Day in the Life of Groundhog

June 30, 2008 (Monday)

Saturday was a ‘ nice-to-have’ day … Left early for Salcedo Village , Makati to avoid the MRT rush, going to Medicare office for my repeat lipid test …..arrived in Makati at seven , and did a first-time thing…. Walked from the MRT station to Salcedo V, passing Makati Ave ….. the first time I noticed the green triangle between Paseo de Roxas and Makati Av …. Looks like a big nursery …good to have that still in busy commercialized Makati …..Don’t we need those ‘urban jungles’, literally … There should be a law requiring each city to set a side an area for an ‘urban jungle’ ……. Green, green and more green, to counter act the pollution…. Passed by the Salcedo Village Saturday market , looked around and came upon a stall that sells organic herbal and vegetable juices like celery, parsley, sugarbeet , watercress , things that one doesn’t usually find in the ordinary supermarkets …. Bought three bottles ….. Had brunch there …of ‘laing ‘ in thick coconut cream sauce and fried breaded fish fillet ….Mmmmmm. I’m getting the hang of nutritious dining ….. ‘food as medicine’ is my eating tack , from now on .…This market makes me feel like I’m in the South of France , not that I’ve been there yet , but I will be …. Abundant produce of food, wine, bread, herbs, native craft, gourmet , spices …. The whole ‘sweet life’ - ‘dolce vita’ thing …. Leaving the place, I noticed there was an area with stalls selling art work …. Hmmm, I have to go back and check that out …. I hope it’s a regular feature of the Saturday market ….

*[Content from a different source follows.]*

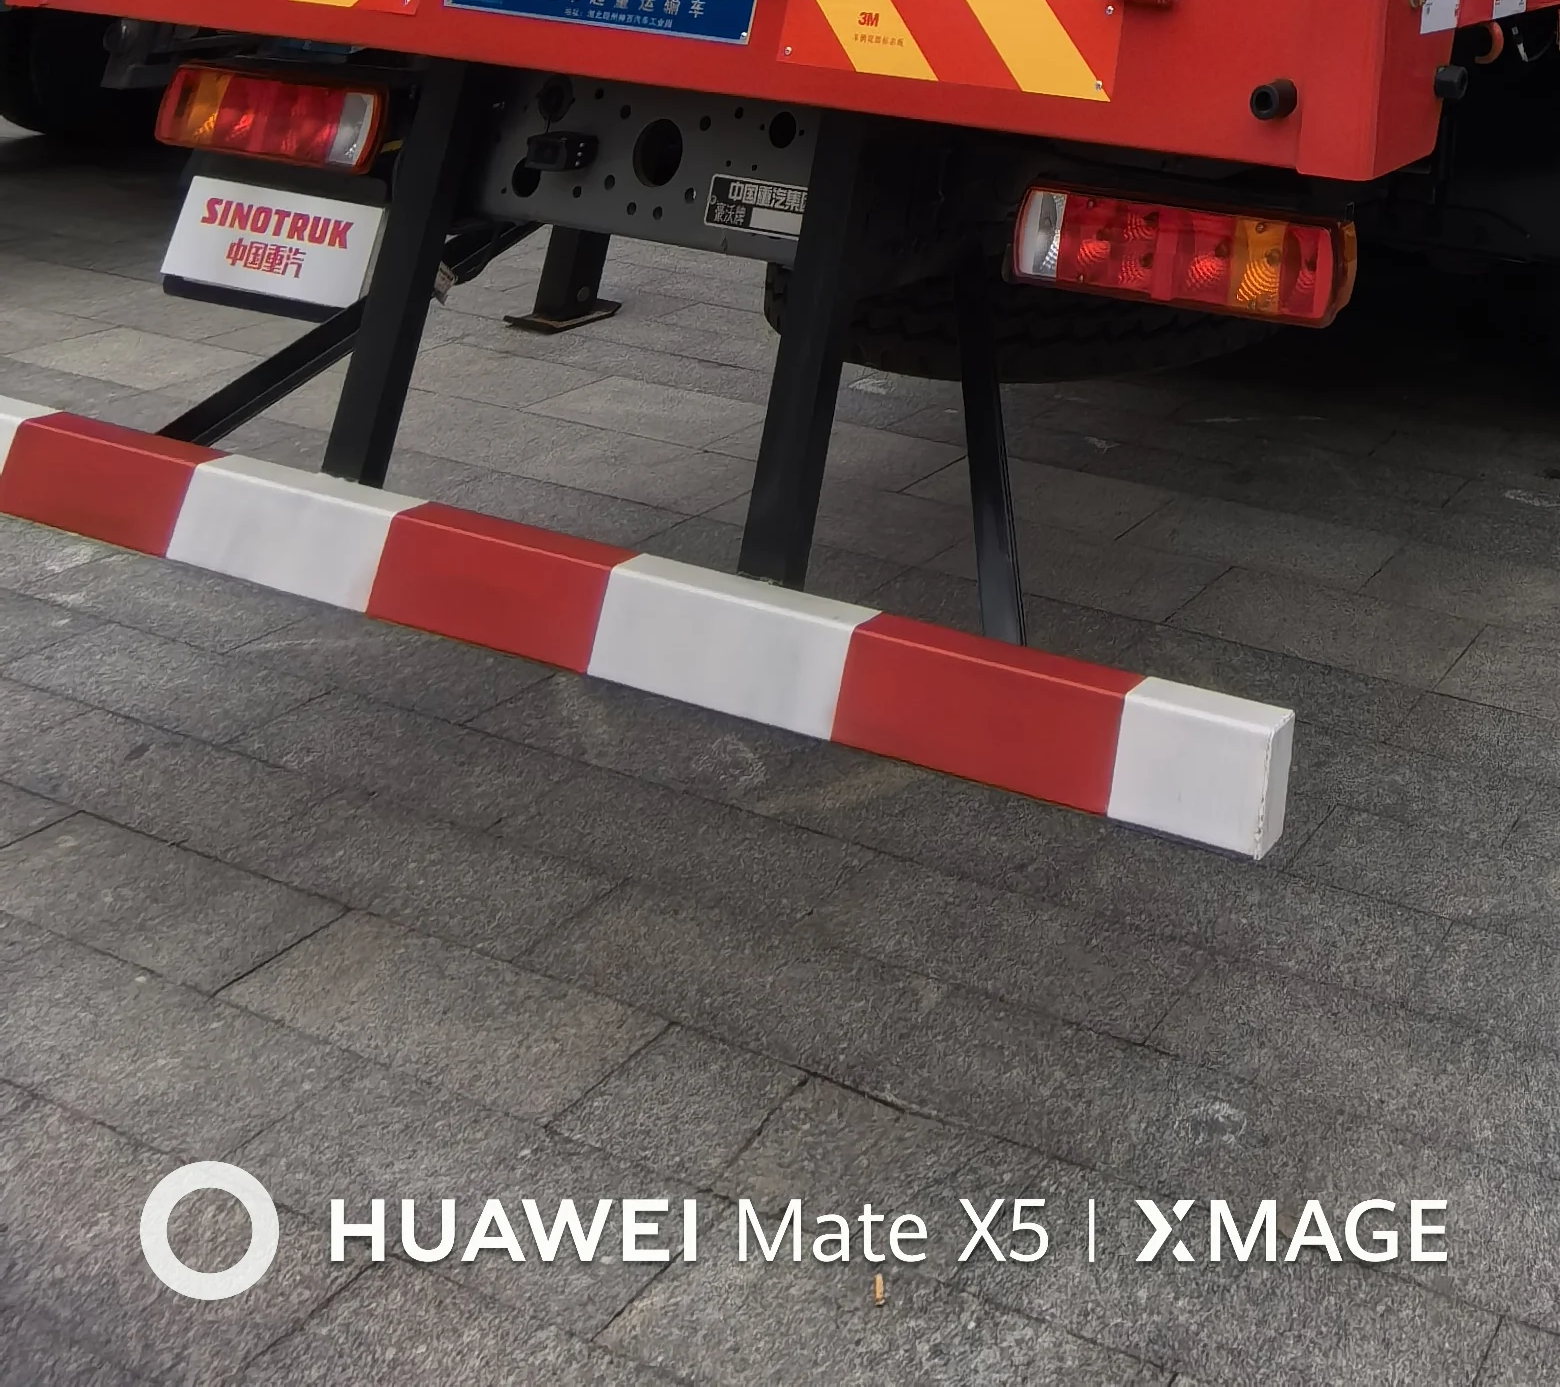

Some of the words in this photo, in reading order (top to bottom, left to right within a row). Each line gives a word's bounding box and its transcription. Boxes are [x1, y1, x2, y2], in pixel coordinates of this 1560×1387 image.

[857, 11, 880, 28] 3M
[200, 197, 355, 250] SINOTRUK
[225, 237, 307, 279] 中国重汽

One thing I noticed, since I started doing the morning or day pages (according to me …) is that I have started to have dreams again and remembering them when I wake up ….. Before, I had them very rarely … Could this mean that my subconscious is starting to be unblocked ? Hope so …..

The last day of June 2008 , half a year has passed . And nothing significantly radical and out-of-the box has happened…. Something that jolted me out of my rut ….. I can’t call it a ‘comfort zone’ , because I don’t feel comfortable where I am now … more like a feeling of stagnation and I positively hate it … I’m doing things here and there to break the prison bars I’m in , but they don’t seem to be enough …. God Help ! I know what I want and I’m doing what I can to help myself but nothing’s happening so You really have to help me! Please and Thank You!! All I know that I have to focus more on my plan to work on my

‘artistic’ side ….. All I know is that I haven’t lived enough and to the fullest and one vital component of my life lived to the fullest is exercising these ‘artistic’ juices and parts-of-me …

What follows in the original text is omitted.